[DE CE MONDE] Les esprits sont aux champs

Vous souvenez-vous du “Sous-préfet aux champs” ? Dans ce texte des “Lettres de mon moulin”, Alphonse Daudet conte l’histoire d’un sous-préfet en mal d’inspiration, s’arrêtant dans un coin de nature pour rédiger son discours. « Messieurs et chers administrés », clame le haut fonctionnaire. Un pivert l’interrompt de son rire. Puis ce sont des violettes qui se hissent vers lui : « Monsieur le sous-préfet, sentez-vous comme nous sentons bon ? » Dans les branches, « des tas de fauvettes » viennent lui chanter leurs plus jolis airs ; « et tout le petit bois » conspire pour l’empêcher d’écrire…

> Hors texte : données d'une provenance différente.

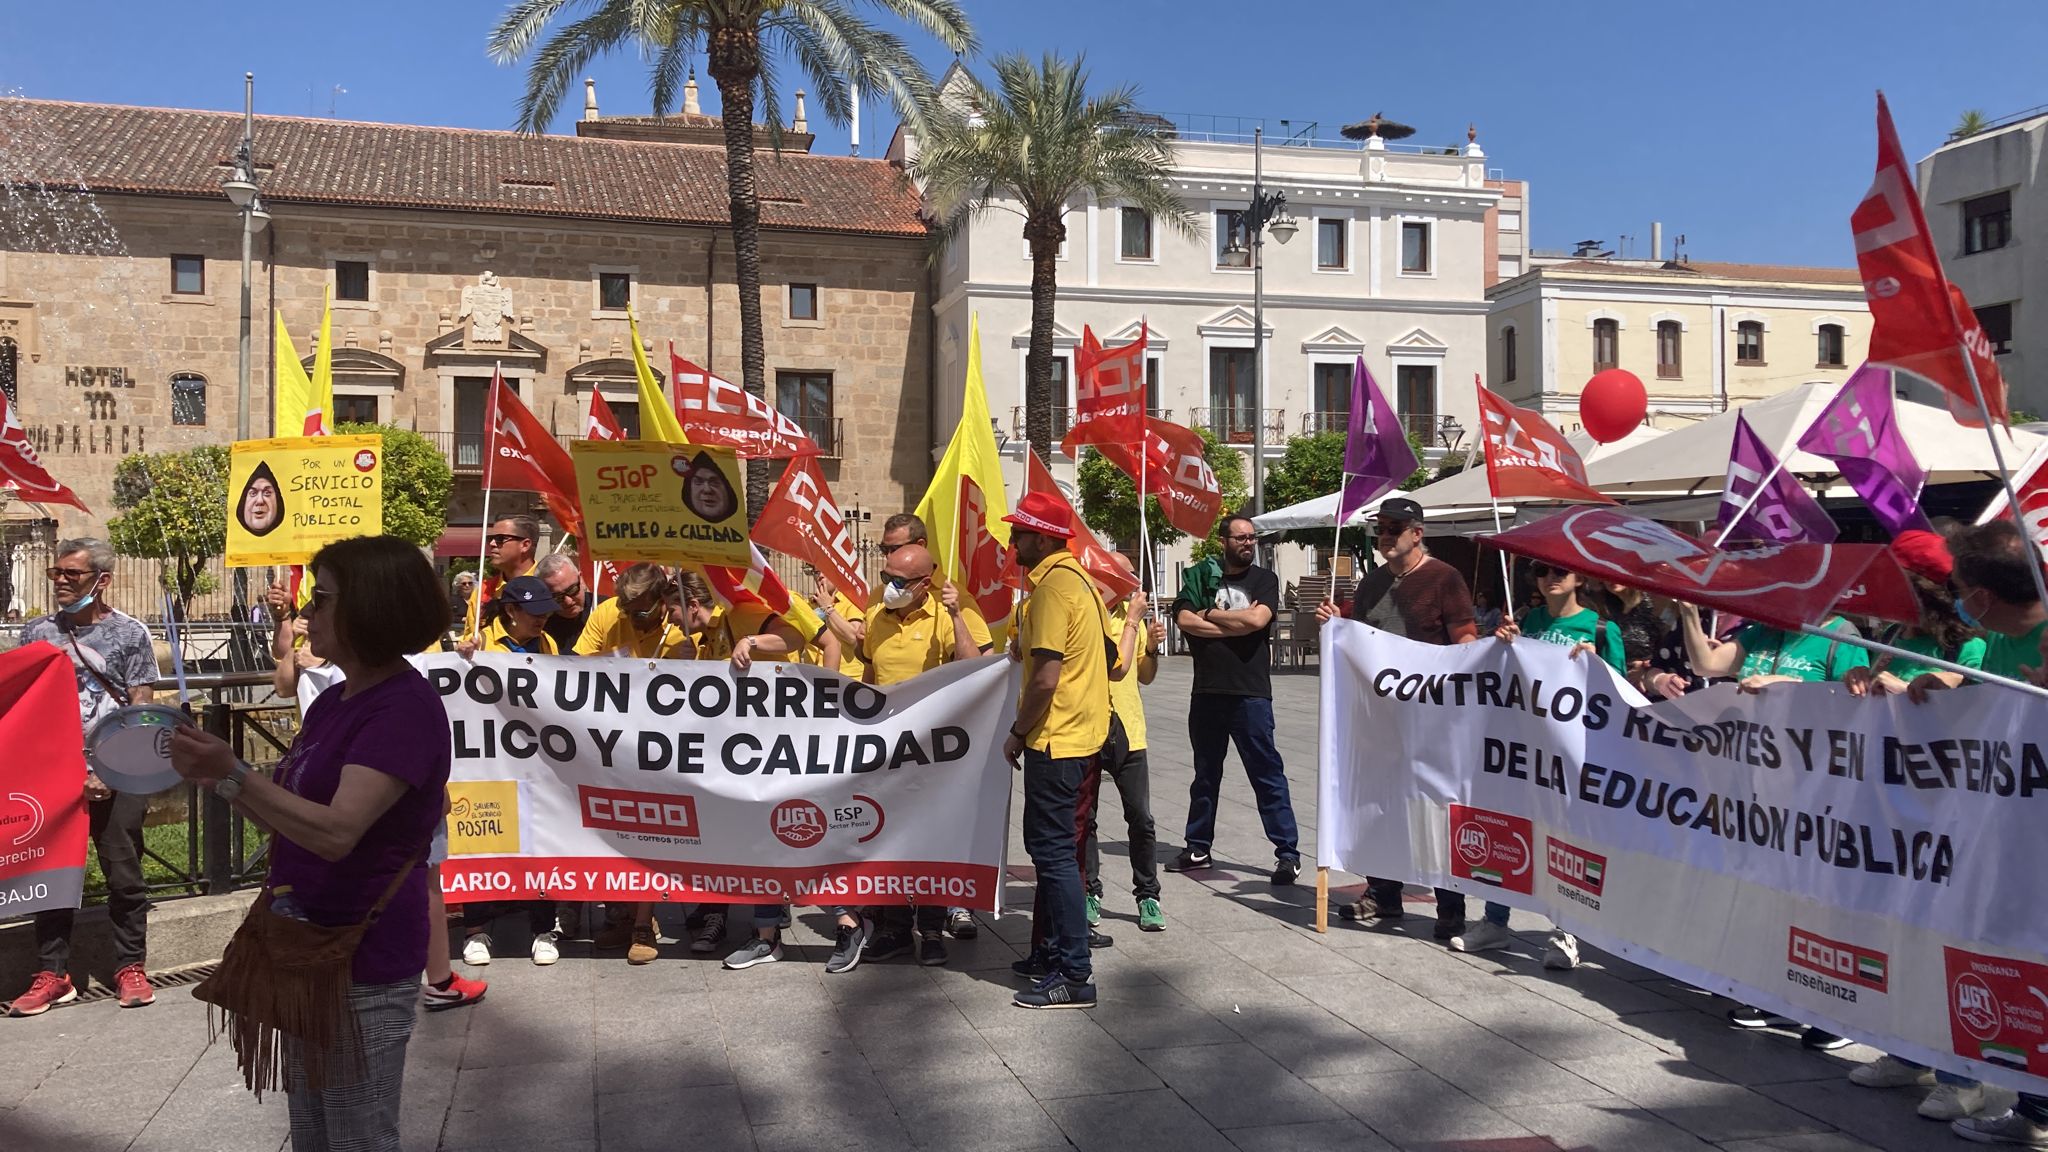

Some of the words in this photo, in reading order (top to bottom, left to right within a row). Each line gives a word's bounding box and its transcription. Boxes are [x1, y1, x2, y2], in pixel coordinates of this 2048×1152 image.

[65, 366, 136, 388] HOTEL
[55, 424, 145, 454] PALACE
[290, 475, 374, 492] SERVICIO
[309, 495, 363, 509] POSTAL
[596, 521, 660, 539] EMPLEO
[680, 524, 744, 542] CALIDAD
[428, 666, 538, 709] POR
[554, 670, 630, 714] UN
[646, 673, 887, 720] CORREO
[453, 719, 577, 762] LICO
[587, 728, 623, 768] Y
[638, 730, 704, 774] DE
[720, 726, 971, 776] CALIDAD
[1785, 728, 1813, 772] Y
[1828, 729, 1866, 782] EN
[1883, 736, 2048, 799] DEFENSA
[588, 796, 689, 827] CCOO
[776, 807, 818, 828] UGT
[1579, 762, 1789, 852] EDUCACIÓN
[1794, 805, 1954, 887] PÚBLICA
[457, 819, 503, 837] POSTAL
[637, 834, 672, 844] correos
[674, 837, 702, 847] postal
[1460, 828, 1487, 848] UGT
[1548, 844, 1585, 881] CCOO
[524, 866, 577, 890] MÁS
[583, 871, 599, 890] Y
[605, 871, 686, 892] MEJOR
[692, 874, 788, 898] EMPLEO,
[795, 872, 849, 896] MÁS
[856, 875, 977, 897] DERECHOS
[1557, 883, 1600, 912] enseñanza
[1793, 934, 1854, 976] CCOO
[1787, 968, 1857, 1003] enseñanza
[1958, 983, 1993, 1015] UGT

Récit d’écolier ? Autrefois, dans nos campagnes, les paysans fredonnaient ou imitaient le chant des oiseaux pour soutenir la croissance de leurs plants. Dans certaines cultures, on continue de nourrir cette écoute du vivant. Au Mexique, un agriculteur du nom de Don José Carmen s’est fait connaître pour ses légumes géants, obtenus sans pesticides ni fertilisants industriels. Son secret : parler à ses cultures… « Au début, cette terre ne produisait rien et je n’avais ni argent ni savoir-faire particulier, explique-t-il dans le documentaire L’homme qui parle avec les plantes, d’Yvo Perez Barreto. Alors je m’asseyais à côté des plantes, je leur demandais de m’aider et je commençais à les regarder différemment. » A force de contact avec la nature, d’observation, d’intuition, le paysan dit avoir appris à « demander à la plante ce dont elle a besoin et ce qui lui est superflu », ainsi qu’à ressentir quand elle a soif et à repérer ses perturbations.

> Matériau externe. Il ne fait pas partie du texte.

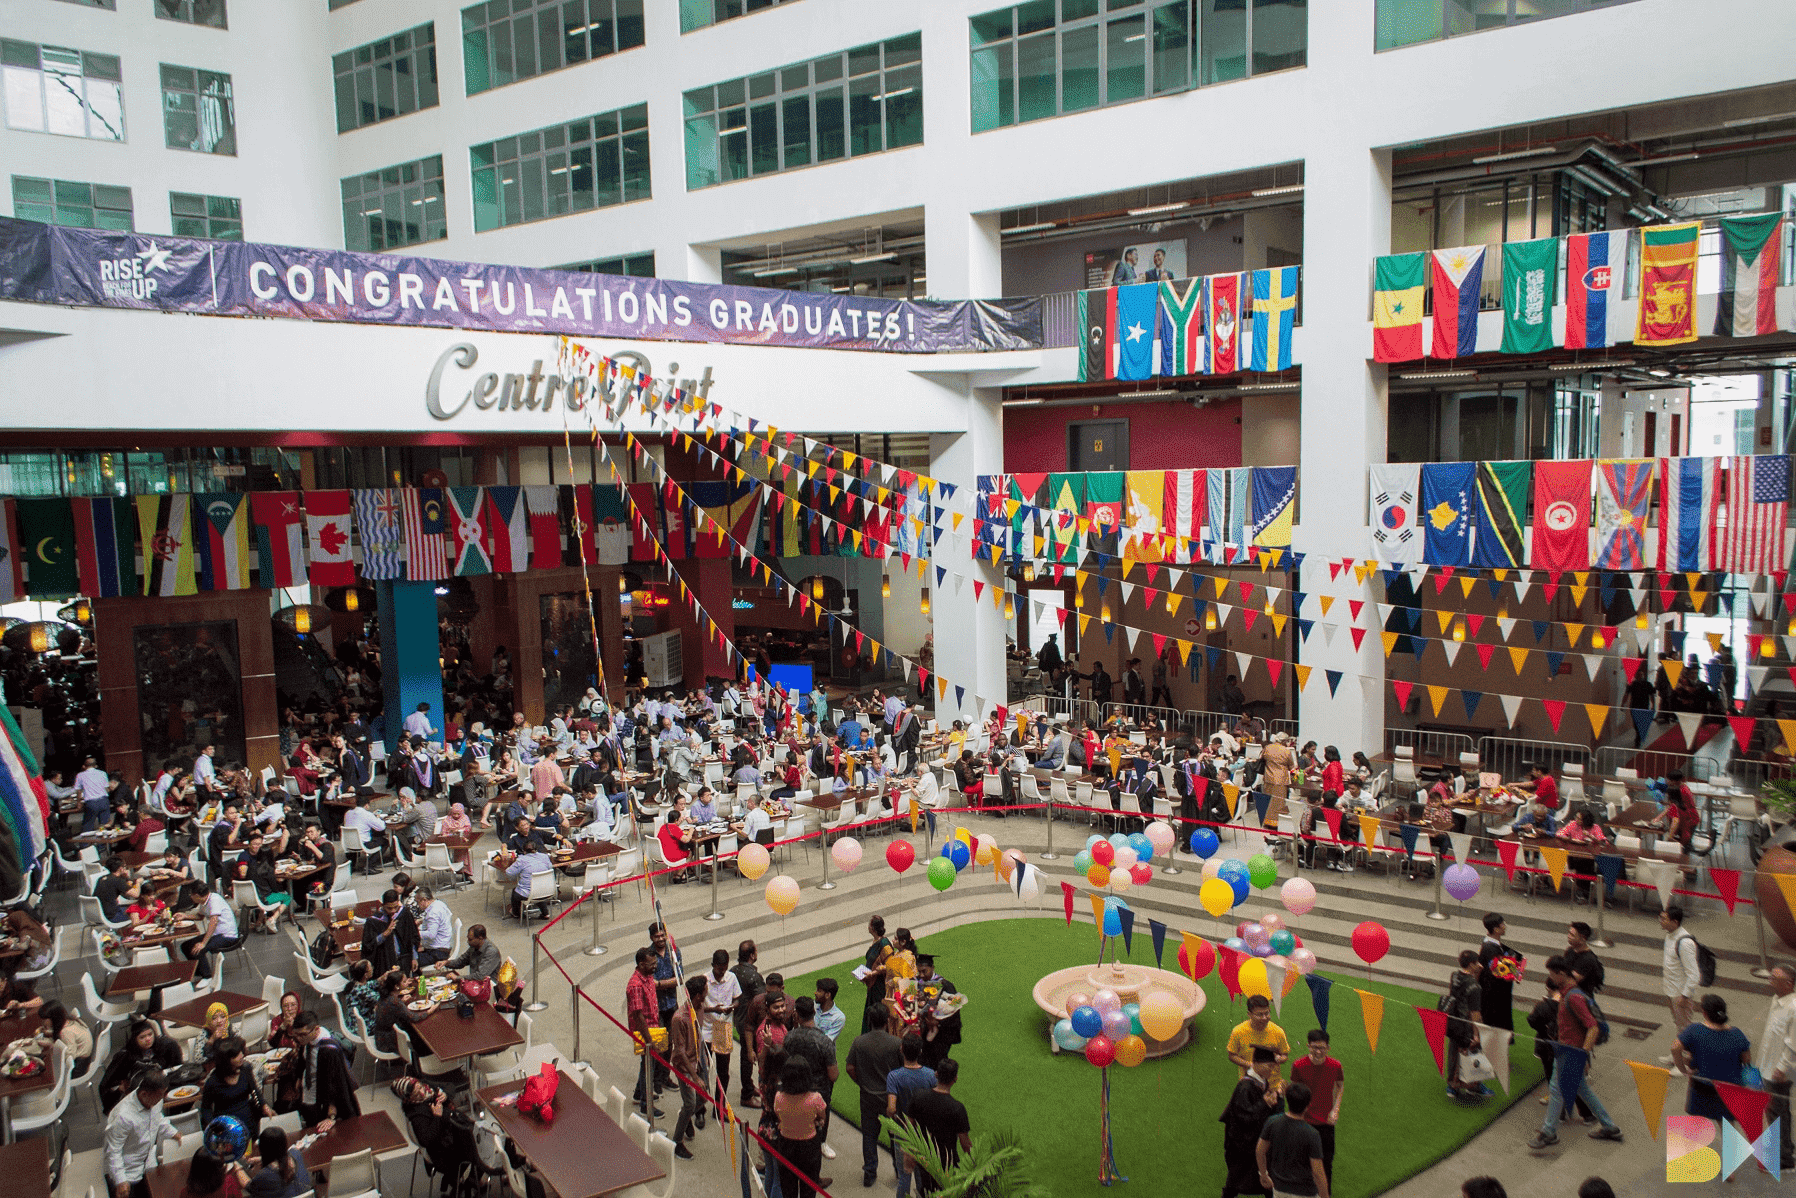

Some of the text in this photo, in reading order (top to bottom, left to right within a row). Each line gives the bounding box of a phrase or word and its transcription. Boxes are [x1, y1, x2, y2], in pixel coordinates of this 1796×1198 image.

[99, 258, 144, 281] RISE
[131, 277, 158, 300] UP
[249, 261, 915, 341] CONGRATULATIONS GRADUATES!
[426, 342, 715, 423] Centre Point

Pour les Indiens d’Equateur, l’agriculture est le dialogue que l’on noue avec la terre. « Sur leurs territoires, ils forment des étages écologiques en fonction de l’altitude, de l’orientation, de l’ensoleillement et de la chaleur de la terre, puis font des essais, détaille la romancière Anne Sibran, auteure d’Enfance d’un chaman. Le cultivateur est un intermédiaire, qui exerce la volonté de la terre. Il apprend à discuter avec elle, jusqu’à ce que la plante se porte bien. »

Chaque geste agricole est une célébration et un engagement de conscience à conscience. « J’ai vu des paysans fleurir l’entrée de leur champ ou y enterrer des offrandes », illustre Anne Sibran. Avant de semer une plante, on lit les contes et on chante les chants qui lui sont associés. Puis l’homme va, « en fonction des rêves et des lunes », ouvrir la terre et préparer le champ « avec tout son masculin ». La femme, elle, « avec tout son féminin », prépare les semis puis les met en terre. « On considère aussi que certaines femmes ont la fécondité dans les mains. Avant de planter, on va leur demander de tenir les boutures entre leurs doigts », ajoute Anne Sibran.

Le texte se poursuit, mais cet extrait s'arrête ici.